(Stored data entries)

···

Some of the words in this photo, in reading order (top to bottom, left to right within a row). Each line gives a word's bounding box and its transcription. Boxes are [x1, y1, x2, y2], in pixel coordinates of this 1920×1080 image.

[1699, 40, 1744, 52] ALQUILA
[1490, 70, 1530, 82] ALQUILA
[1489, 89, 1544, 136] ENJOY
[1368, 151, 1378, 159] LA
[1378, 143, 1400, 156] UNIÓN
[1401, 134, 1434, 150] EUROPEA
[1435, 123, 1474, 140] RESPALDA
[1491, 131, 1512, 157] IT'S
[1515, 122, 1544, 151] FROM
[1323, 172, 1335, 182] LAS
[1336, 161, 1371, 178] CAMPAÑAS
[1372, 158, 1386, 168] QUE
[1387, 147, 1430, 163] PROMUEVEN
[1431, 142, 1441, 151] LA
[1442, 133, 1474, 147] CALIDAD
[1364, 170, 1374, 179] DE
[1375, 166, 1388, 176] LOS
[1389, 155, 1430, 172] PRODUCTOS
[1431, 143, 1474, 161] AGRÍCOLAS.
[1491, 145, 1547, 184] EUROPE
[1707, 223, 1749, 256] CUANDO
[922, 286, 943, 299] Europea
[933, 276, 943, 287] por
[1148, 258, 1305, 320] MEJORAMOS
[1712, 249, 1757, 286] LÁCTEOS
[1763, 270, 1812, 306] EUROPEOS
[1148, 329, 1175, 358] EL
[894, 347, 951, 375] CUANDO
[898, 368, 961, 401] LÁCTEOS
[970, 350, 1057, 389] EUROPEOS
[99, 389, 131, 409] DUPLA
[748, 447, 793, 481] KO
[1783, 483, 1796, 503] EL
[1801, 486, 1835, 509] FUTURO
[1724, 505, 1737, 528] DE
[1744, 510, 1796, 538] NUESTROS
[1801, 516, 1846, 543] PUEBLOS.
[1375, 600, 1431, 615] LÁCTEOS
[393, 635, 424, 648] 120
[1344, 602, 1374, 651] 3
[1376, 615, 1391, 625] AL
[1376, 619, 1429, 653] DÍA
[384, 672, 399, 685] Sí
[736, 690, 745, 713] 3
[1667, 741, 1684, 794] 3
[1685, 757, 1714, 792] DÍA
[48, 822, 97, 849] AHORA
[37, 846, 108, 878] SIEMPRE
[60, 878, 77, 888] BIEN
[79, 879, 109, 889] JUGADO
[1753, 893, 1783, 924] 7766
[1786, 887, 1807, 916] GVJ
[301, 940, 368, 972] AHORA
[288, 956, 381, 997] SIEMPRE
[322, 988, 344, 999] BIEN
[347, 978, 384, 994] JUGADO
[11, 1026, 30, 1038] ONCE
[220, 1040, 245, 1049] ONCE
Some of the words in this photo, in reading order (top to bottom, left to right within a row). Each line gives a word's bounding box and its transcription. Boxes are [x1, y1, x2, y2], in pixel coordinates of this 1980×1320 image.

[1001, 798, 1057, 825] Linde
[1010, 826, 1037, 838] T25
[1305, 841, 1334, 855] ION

···

WHAT NEEDS TO BE DONE: Beginning with the line that holds "this 1980×1320 image.", copy the entries exactly to their last line, and leave out every earlier line.

EXERCISE ANSWER:
Some of the words in this photo, in reading order (top to bottom, left to right within a row). Each line gives a word's bounding box and its transcription. Boxes are [x1, y1, x2, y2], in pixel coordinates of this 1980×1320 image.

[1001, 798, 1057, 825] Linde
[1010, 826, 1037, 838] T25
[1305, 841, 1334, 855] ION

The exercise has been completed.